Tomorrow morning I will be stripping the hull of all excess wires/baggage/pumps/attachments, and getting it ready for the 'glass work. 

What do I need to finish the prep work with as far as solvent??

Also, what glass supplied would you guys reccomend I pick up to do the work at hand? 

OK Brett, now it's my turn to sniff some thinners and solvents. Should go well with the chemtool cocktail ;D


----------



## Brett (Jul 16, 2008)

Clean hull inside and out.
Scrub hull well with dish soap and water like cleaning fish slime off.
Degreases and removes surface scum. Wipe down hull with a solution
of 1 part bleach to 3 parts water to kill mildew and bacteria.
Let sit one hour, then rinse well. Let dry overnight.
Just like painting, preparation is everything.

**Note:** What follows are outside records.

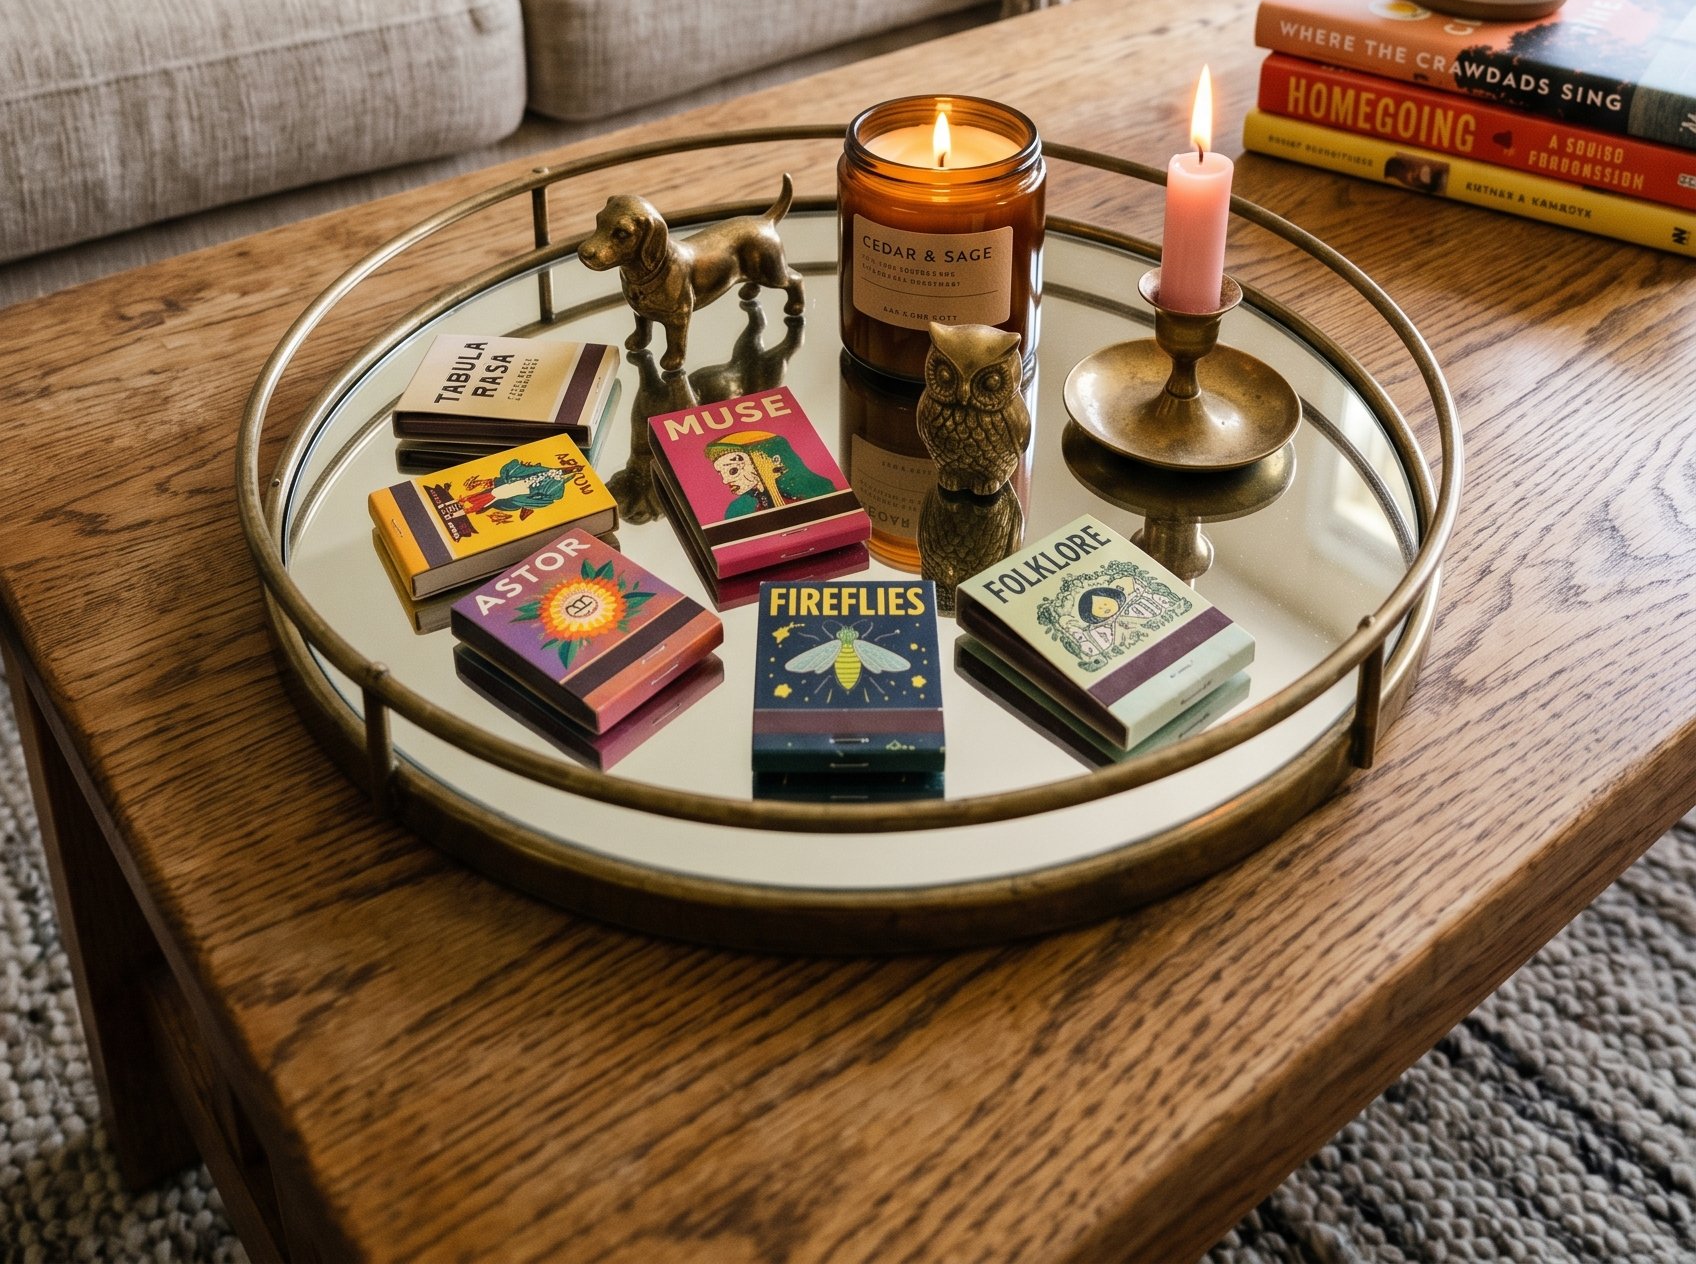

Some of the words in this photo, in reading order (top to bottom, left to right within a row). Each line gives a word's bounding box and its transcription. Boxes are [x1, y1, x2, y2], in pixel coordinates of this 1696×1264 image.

[1280, 20, 1355, 52] WHERE
[1365, 39, 1407, 64] THE
[1416, 52, 1550, 95] CRAWDADS
[1561, 84, 1622, 112] SING
[1287, 76, 1476, 152] HOMEGOING
[862, 235, 917, 261] CEDAR
[924, 249, 936, 262] &
[944, 246, 993, 263] SAGE
[433, 342, 488, 404] TABULA
[471, 354, 515, 398] RASA
[663, 394, 792, 442] MUSE
[474, 537, 591, 616] ASTOR
[982, 525, 1112, 604] FOLKLORE
[769, 587, 926, 617] FIREFLIES
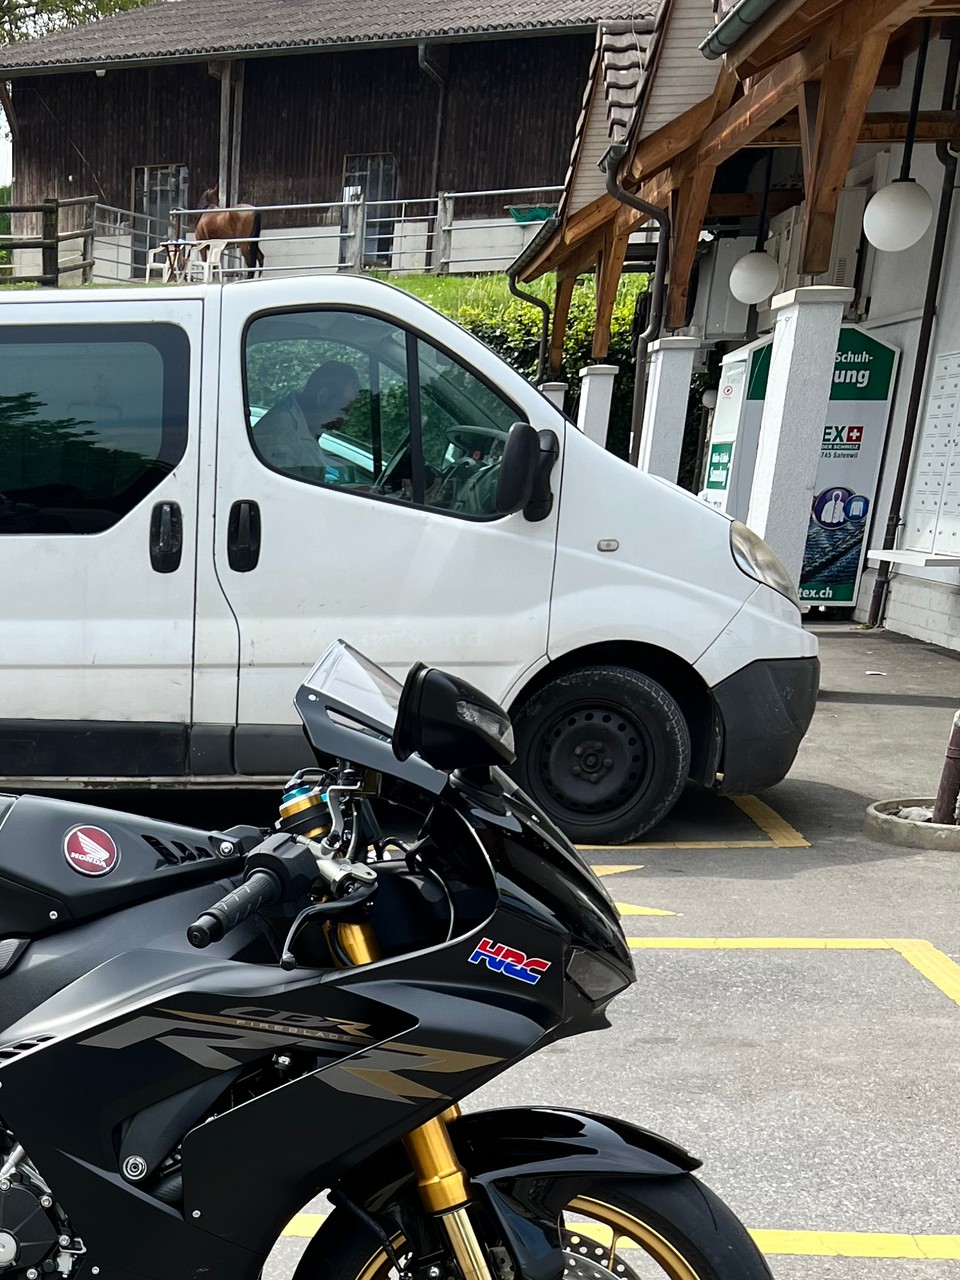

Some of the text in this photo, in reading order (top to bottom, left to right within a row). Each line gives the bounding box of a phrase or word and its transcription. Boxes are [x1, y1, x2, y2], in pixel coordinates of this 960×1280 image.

[70, 851, 108, 868] HONDA
[467, 936, 552, 986] HRC
[235, 1019, 353, 1042] FIREBLADE

After everything dries, let's deal with a tiny ding or two.
Pick up some white Marine-Tex. 100 grit sandpaper. 220 grit paper.


----------



## Frank_Sebastian (Oct 15, 2007)

Tom this guy is in Fort Pierce (south end) and has all that you should need. I have known him for years. 

www.raka.com

Frank_S


----------



## Frank_Sebastian (Oct 15, 2007)

Hey Tom,

Not to nag, but I forgot to mention solvent. Use virgin grade from an auto paint store or at least look out for "reclaimed" solvent. Many have had LPU paints and epoxy fail to adhere properly and the reclaimed solvent was thought to be at fault. To use any solvent, flood the area with a wet cloth and dry it with a dry clean one or you can redeposit what you want to remove. Clean first then sand or you may sand contaminants into the work.

Best regards,
Frank_S


----------



## TomFL (Oct 2, 2007)

> Hey Tom,
> 
> Not to nag, but I forgot to mention solvent. Use virgin grade from an auto paint store or at least look out for "reclaimed" solvent. Many have had LPU paints and epoxy fail to adhere properly and the reclaimed solvent was thought to be at fault. To use any solvent, flood the area with a wet cloth and dry it with a dry clean one or you can redeposit what you want to remove. Clean first then sand or you may sand contaminants into the work.
> 
> ...


Frank, don't worry, I can use all the input you guys can dish out. 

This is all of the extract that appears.